Connector Contact Lubricants
Connector contact lubricants can reduce mating forces and contact wear, and there are lubricants to do just that. But the real goal is to get more than just friction/wear reduction from a lubricant.
For many of us the first thing that comes to mind when the word “lubricant” comes up is “slippery stuff,” motor oil, WD40, or silicone grease, none of which are appropriate for connectors.

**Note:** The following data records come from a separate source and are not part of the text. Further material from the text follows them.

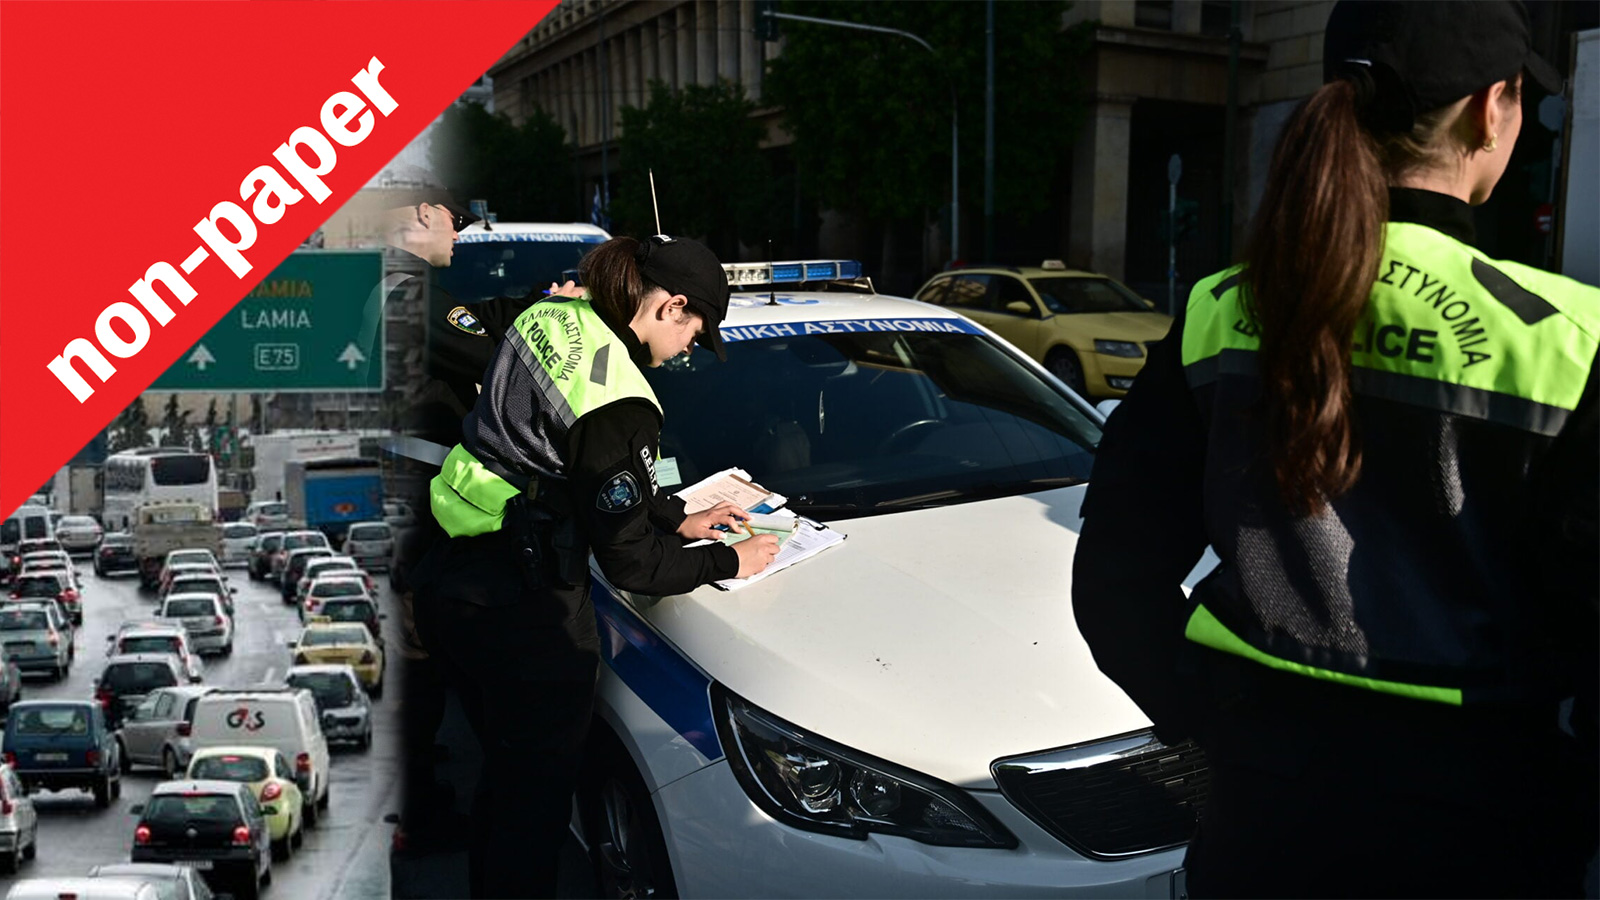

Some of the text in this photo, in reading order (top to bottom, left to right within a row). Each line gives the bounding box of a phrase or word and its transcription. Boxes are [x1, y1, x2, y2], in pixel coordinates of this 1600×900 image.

[488, 233, 584, 243] ΑΣΤΥΝΟΜΙΑ
[241, 309, 312, 329] LAMIA
[719, 319, 966, 342] ΝΙΚΗ ΑΣΤΥΝΟΜΙΑ
[1380, 260, 1492, 369] ΣΤΥΝΟΜΙΑ
[259, 348, 294, 365] E75
[526, 321, 563, 370] POLICE
[557, 321, 584, 381] ΑΣΤΥΝΟΜΙΑ
[1353, 321, 1438, 364] ICE

Basic Contact Finish Types
You will recall the two basic types of contact finishes used in connectors: Noble, epitomized by gold/nickel plating; and non-noble, epitomized by tin finishes, whether plated or applied by controlled exposure to a liquid metal source such as Hot Air Leveled Tin (HALT). As would be expected, the requirements on the lubricant and the benefits to be realized from the lubricant, and, therefore, the formulation of the lubricant, are different for noble and non-noble applications.

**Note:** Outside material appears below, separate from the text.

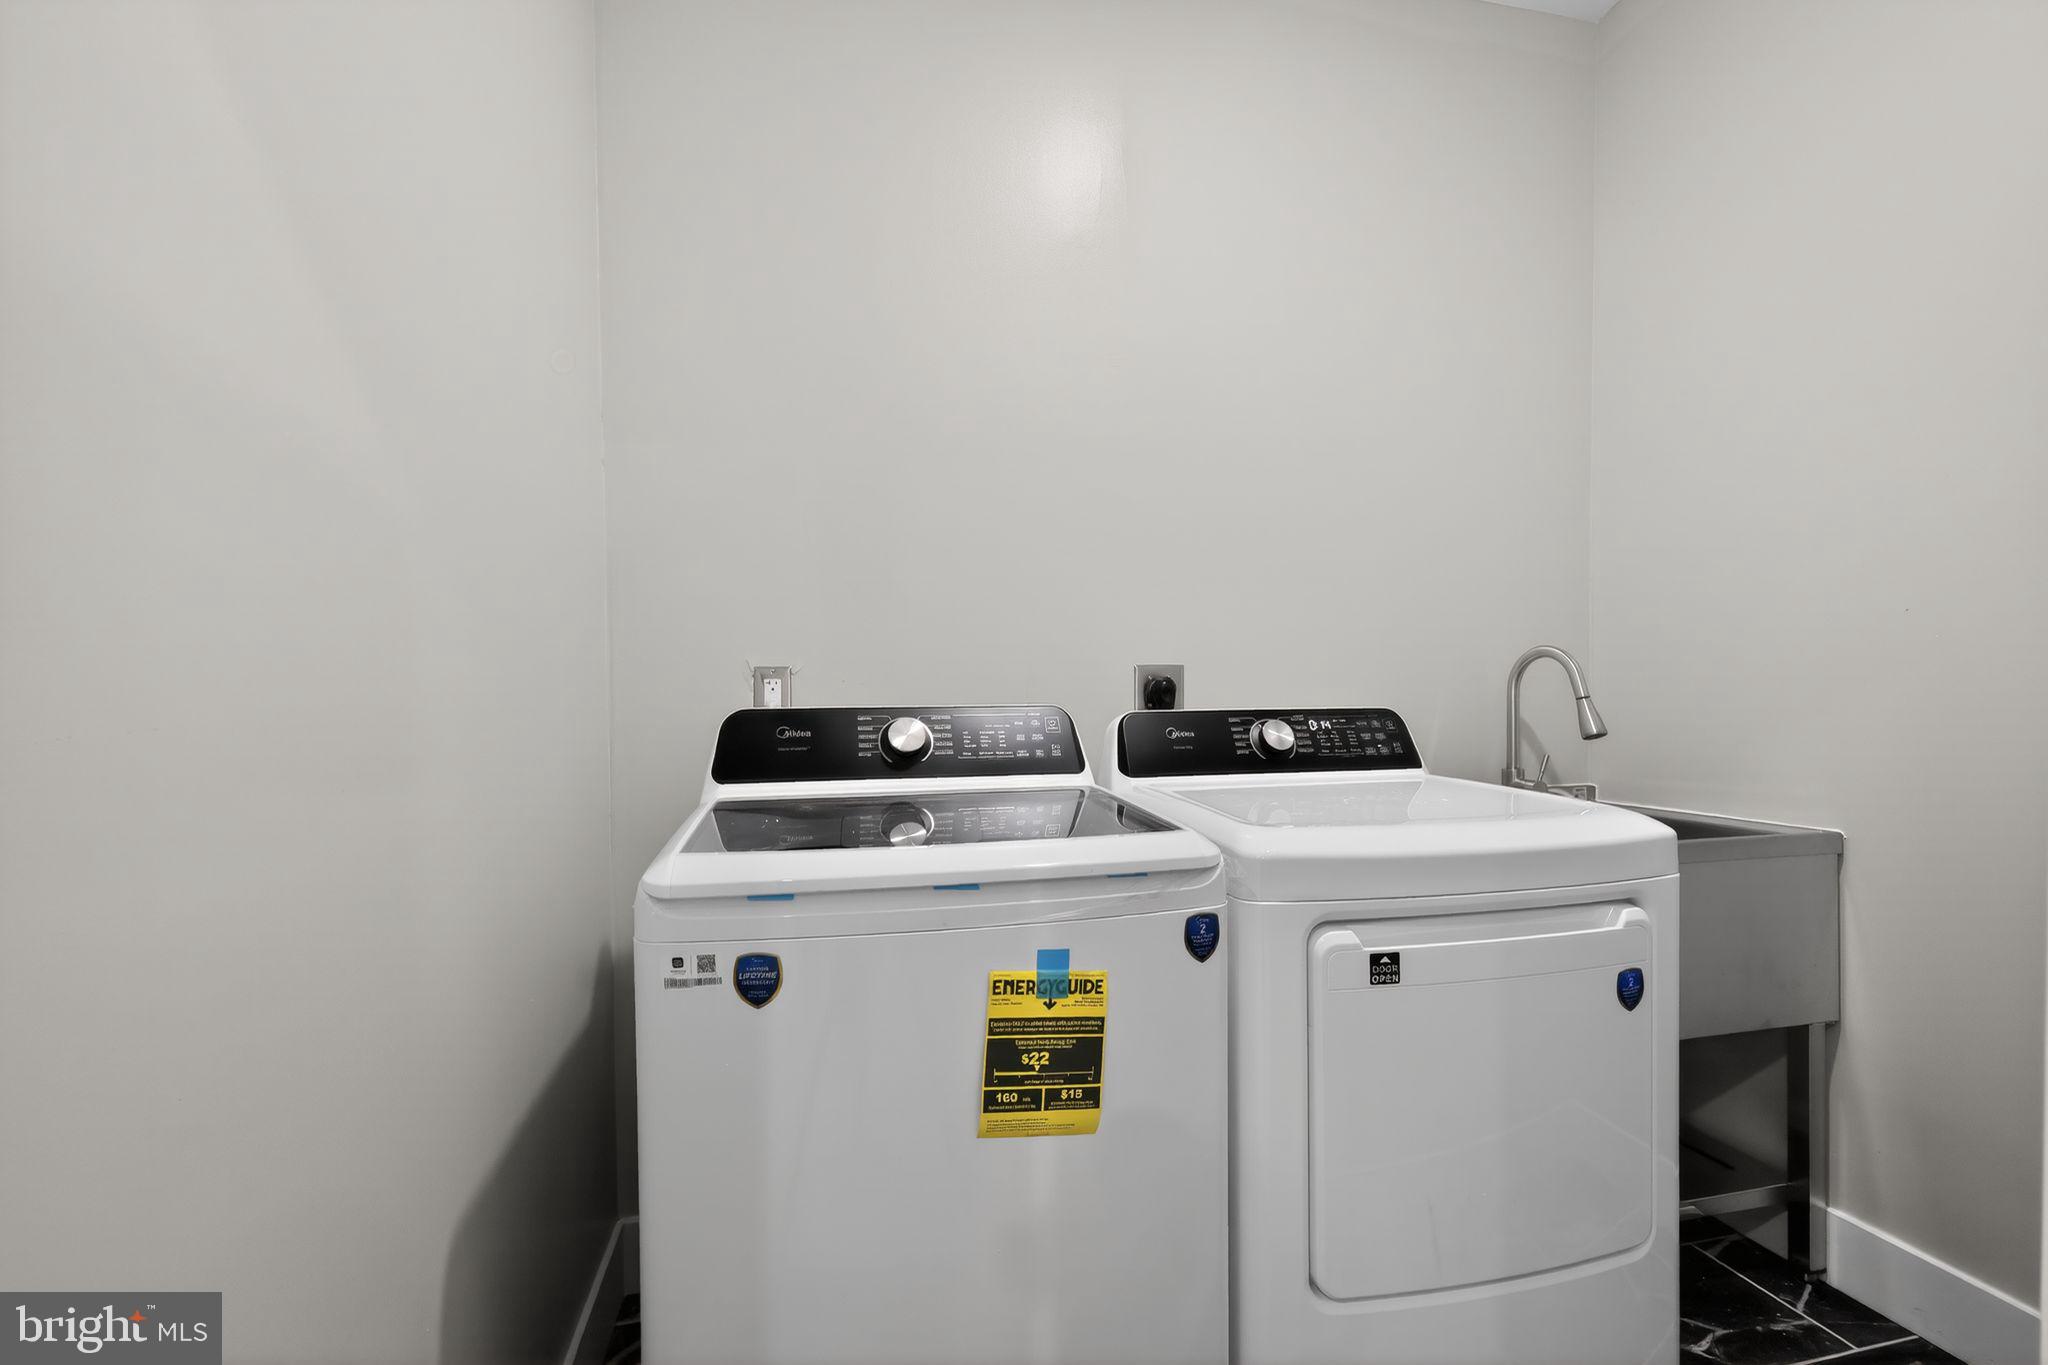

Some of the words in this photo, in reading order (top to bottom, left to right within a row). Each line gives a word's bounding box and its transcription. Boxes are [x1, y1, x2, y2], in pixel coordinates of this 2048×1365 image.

[1372, 964, 1399, 974] DOOR
[1371, 974, 1399, 984] OPEN
[991, 979, 1105, 996] ENERGYGUIDE
[1021, 1051, 1051, 1066] $22

Gold finishes are typically used in connectors intended for more demanding applications, such as those requiring high performance/reliability or high pin counts. High performance/reliability requires low and stable contact resistance, while high pin counts require low and controlled mating forces. Contact lubricants in such cases must provide corrosion protection for resistance stability and reduced friction for reduced connector mating forces. As a “stake in the ground” bit of info, the coefficients of friction for gold and tin finishes are in the range of 0.3 and 0.7, respectively. Lubricated connectors can be in the range of 0.1, a significant reduction that is the source of the reduced mating force and wear rates.
Types of Corrosion
On the corrosion side, the corrosion source in gold- or nickel-plated connectors is the copper alloy spring materials, which are susceptible to a number of corrosion mechanisms. The contact lubricant can provide a protective layer over pore sites in the plating and exposed copper alloy in the vicinity of the contact area. Pores, small defects in the plating which decrease in number as the plating thickness increases, may have exposed copper at their base. Some connectors are pre-plated, meaning the gold over nickel is applied to the plug and receptacle contacts prior to the final stamping operation. This results in bare copper alloy edges near the mated contact area.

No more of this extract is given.